- Route: Ozarks
- Ride Year: 2019
- Hometown: Austin
- School Year: Senior
- Major: Honors in Advanced Human Development and Family Sciences
- Email: email@example.com
Hi and welcome all to my Texas 4000 Rider Page! My name is Tricia Dillawn, and I’m currently a senior on the premedical track going into my fifth year at the University of Texas majoring in Honors in Human Development and Family Sciences with a certificate in Public Health.
I can summarize many aspects of my life in groups of three. I have three siblings, Sam, Allison, and Will, and I can confidently say that I would not be the person I am today without them. Three things that you are likely to find me doing an average day are studying at Flightpath, running at Town Lake Trail, and blowing my budget on smoothies at [insert every smoothie place in Austin]. Three people I look up to are Michelle Obama, Tina Fey, and Eleanor Roosevelt. Finally, three things that I am very passionate about are the empowerment of the intellectually and developmentally disabled community, healthcare equality, and this organization, Texas 4000.
As for my other involvements at UT and beyond, I am a medical scribe at Texas Oncology for Dr. Punit Chadha, a Biochemistry teaching assistant, and a research assistant for Dr. Nancy Hazen and Dr. Deborah Jacobvitz. I have also previously been a leader on Capernaum YoungLife, a member of Texas Tri Delta, a member of American Student Medical Association (AMSA), and a member of Women in Natural Sciences.
Why I Ride
First, I want to say that I feel deeply honored to be a part of an organization made up of student leaders who are so passionate about the fight against cancer that they take on the daunting physical feat of biking 4000 miles from Austin, Texas to Anchorage, Alaska. I could not do this without the infallible and steadfast support of my incredible teammates.
Sometimes, cancer can seem like such an intangible force. An enigma that can hide undetected sometimes for years, that arises from mutations within errors in our own cells that are indiscriminate to the naked eye, and that rages from deep within the body. As much as cancer’s nature is intangible, its effects on the people that it impacts are incredibly tangible. As a patient, bearing the physical and emotional effects of cancer and cancer treatment is excruciating. As a loved one, witnessing someone that you care deeply about bear the heavy burden that cancer relays is heartbreaking, and carrying that burden with them can sometimes feel impossible. Pain, in whatever form it takes, is palpable, tangible.

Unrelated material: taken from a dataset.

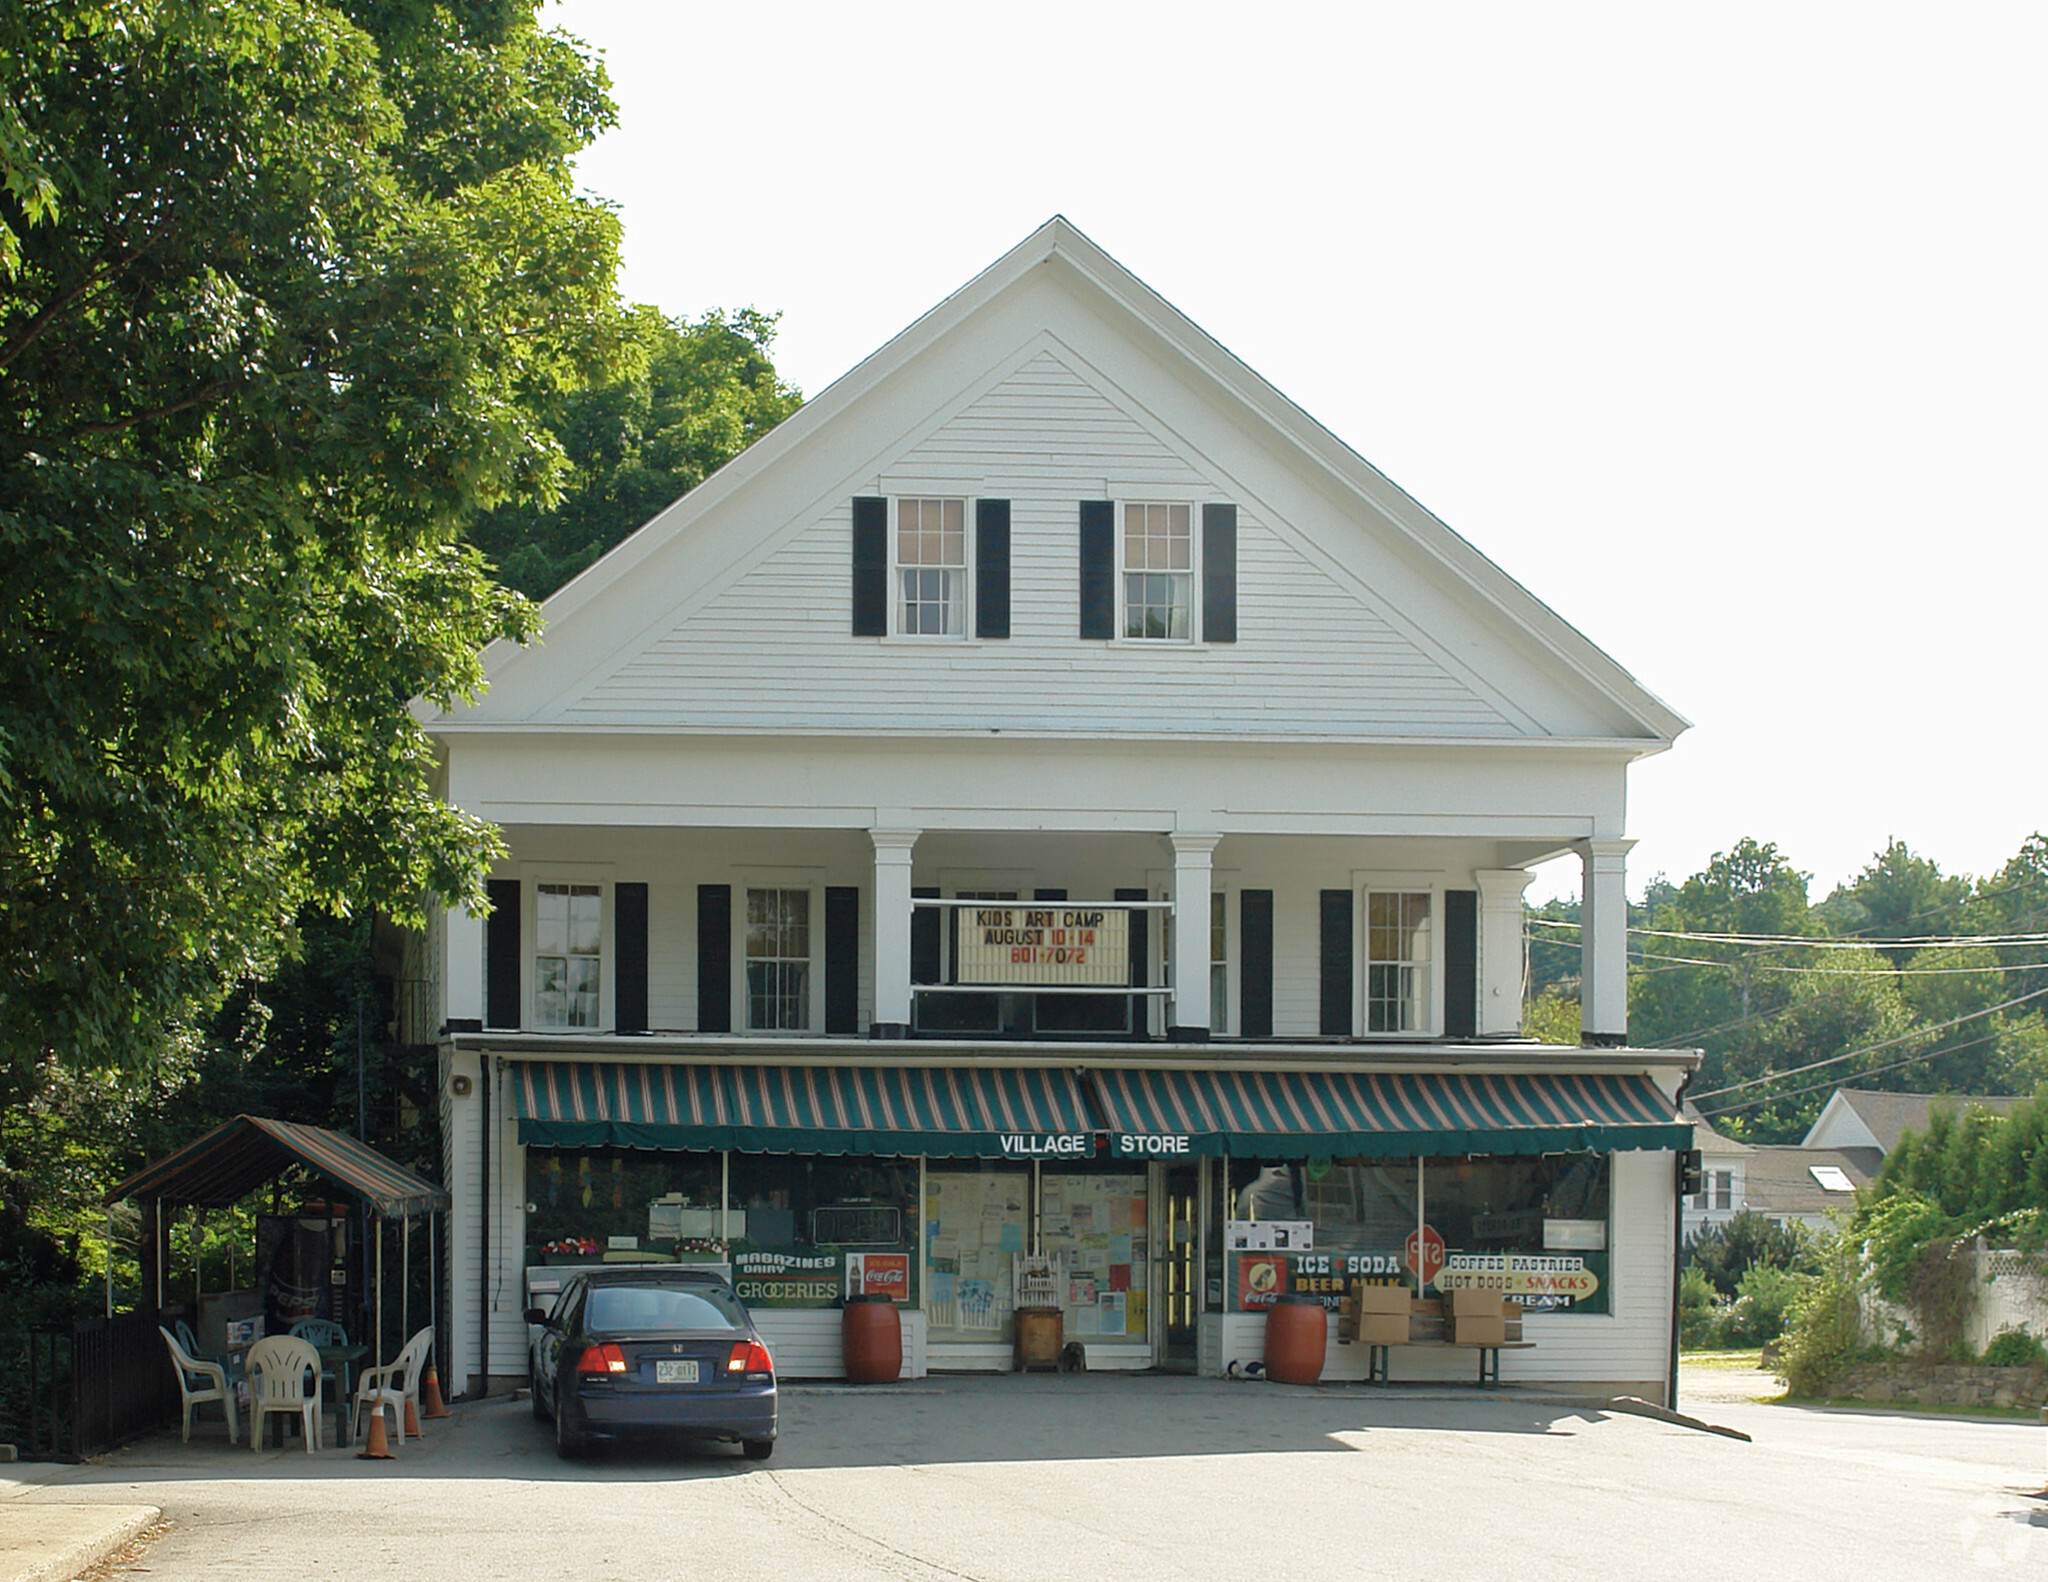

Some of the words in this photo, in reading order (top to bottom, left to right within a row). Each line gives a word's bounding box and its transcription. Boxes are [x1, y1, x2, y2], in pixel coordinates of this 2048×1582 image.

There are few people I know who have not been touched in some way by cancer. For me personally, I have witnessed three family members battle this disease: my aunt Beth, my grandmother Christine, and my grandfather Charles. A vivacious and loving wife and mother of four, a woman who was a physician’s assistant and a teacher and founder of an elementary school, Aunt Beth was a stronghold in our family. She was diagnosed with stage IV breast cancer when I was 7 years old. Cancer tested her strength and our family’s strength to its limits. Upon her passing in 2002, I have never felt a pain in my life more palpable than that which gripped her husband, children, and siblings. My grandmother Christine battled cancer twice in her life, once when she was in her 30’s and again in her 80’s. In her 80’s, my grandmother’s frailty was such that she was not a candidate for chemotherapy nor was she able to fight as she could in her 30’s. Unfortunately, she lost her second battle with cancer; again, pain reverberated through my family. My grandfather, Charles, Christine’s husband, is currently battling cancer today. His diagnosis came not long after my grandmother’s; the strength and resilience he has maintained in the role of loved one and patient has and continues to amaze me.

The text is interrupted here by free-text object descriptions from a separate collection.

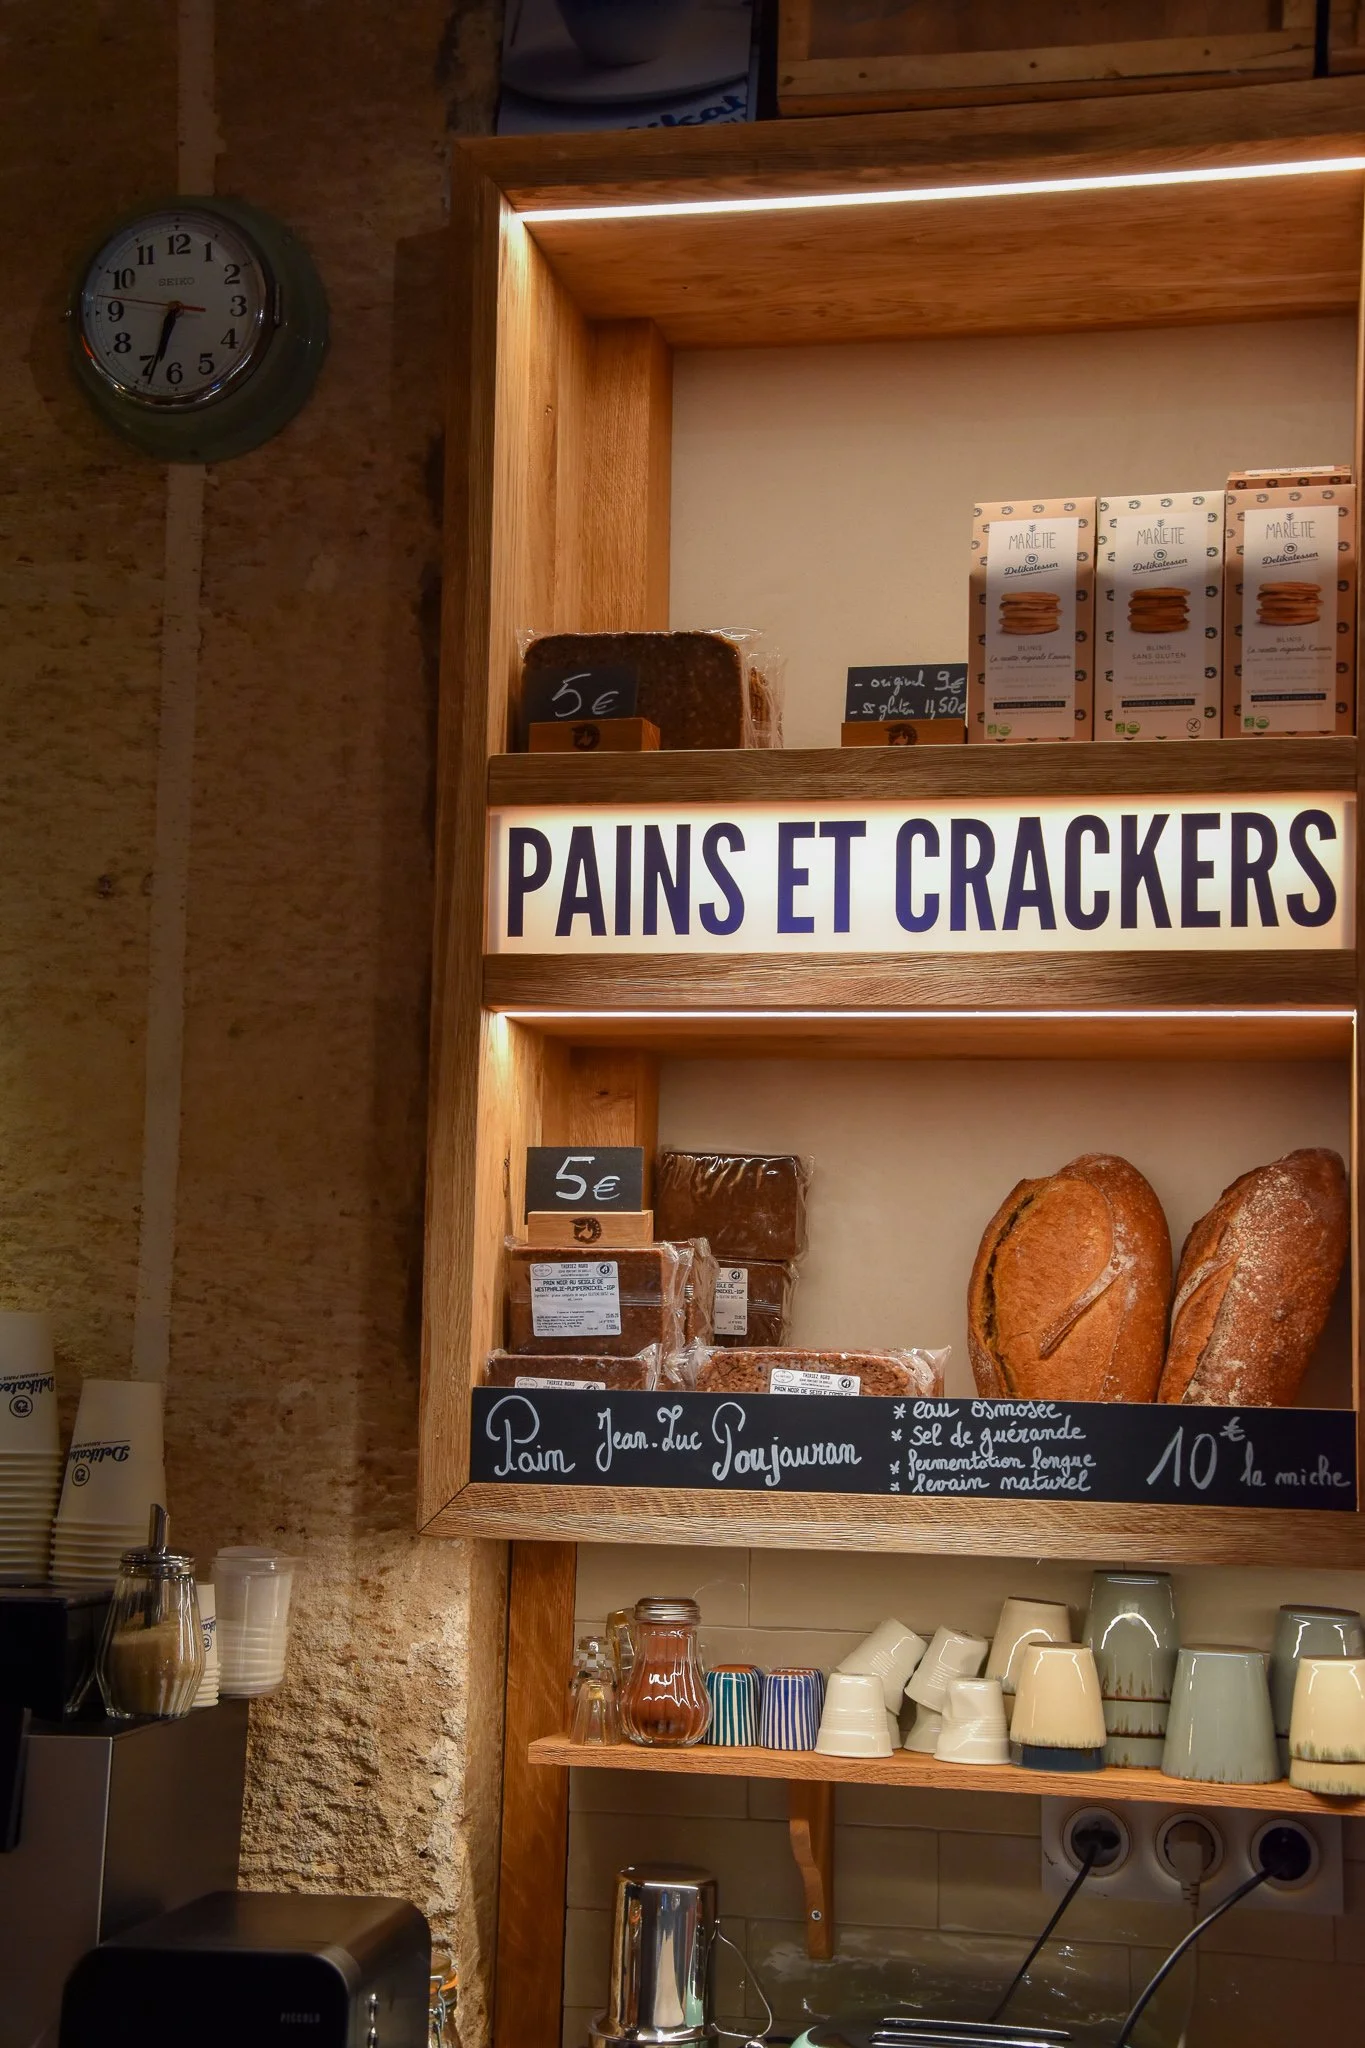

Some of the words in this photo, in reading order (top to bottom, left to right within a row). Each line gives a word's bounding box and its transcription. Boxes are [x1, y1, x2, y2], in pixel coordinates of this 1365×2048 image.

[137, 245, 155, 266] 11
[167, 234, 191, 255] 12
[204, 242, 214, 262] 1
[113, 268, 135, 290] 10
[158, 277, 195, 287] SEIKO
[224, 264, 241, 285] 2
[107, 300, 125, 322] 9
[230, 295, 247, 317] 3
[113, 332, 132, 353] 8
[220, 328, 240, 349] 4
[139, 355, 155, 377] 7
[166, 362, 183, 384] 6
[198, 353, 215, 375] 5
[1004, 562, 1058, 576] Delikatessen
[1132, 558, 1188, 572] Delikatessen
[1261, 551, 1319, 566] Delikatessen
[507, 821, 746, 937] PAINS
[777, 820, 867, 934] ET
[895, 809, 1337, 933] CRACKERS
[554, 1155, 621, 1201] 5€
[911, 1400, 960, 1419] eau
[485, 1394, 576, 1477] Pain
[711, 1401, 862, 1487] Poujauran
[949, 1421, 974, 1447] de
[980, 1420, 1087, 1458] guérande
[907, 1448, 1027, 1478] fermentation
[1030, 1448, 1097, 1478] longue
[1239, 1440, 1267, 1488] la
[1274, 1453, 1352, 1487] miche
[912, 1470, 991, 1494] levain
[1000, 1470, 1092, 1493] naturel
[280, 2011, 321, 2024] PICCOLO

I ride for my Aunt Beth, for my grandmother Christine, and for my grandfather Charles. I ride for all cancer patients, of whom cancer haunts their past, pervades their present, and clouds their future. And I ride for the family members and friends of the cancer patients who so fervently wield their flags and rush into the battle against cancer alongside their loved ones.

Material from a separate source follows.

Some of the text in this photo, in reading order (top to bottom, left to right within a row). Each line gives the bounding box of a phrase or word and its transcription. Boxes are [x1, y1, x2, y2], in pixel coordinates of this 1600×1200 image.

Moreover, I have committed to ride a bike from Texas to Alaska with Texas 4000 to contribute to making the cure for cancer tangible. I truly believe that one day there will be a world that exists without cancer, and Texas 4000’s three pillars of hope, knowledge, and charity are the keys to realizing this future. Hope is our fortress from which we can garner strength and determination. Knowledge is our guide towards progressing cancer research and prevention. And Charity is our beacon, illuminating the ways in which we can support each other in meaningful ways.
Just like riding a bike up a high-altitude mountain road, this journey will be daunting, but it is achievable, and wholly within our hands.
“Achieving the summit of a mountain was tangible, immutable, concrete. The incumbent hazards lent the activity a seriousness of purpose that was sorely missing from the rest of my life. I thrilled in the fresh perspective that came from the tipping the ordinary plane of existence on end.”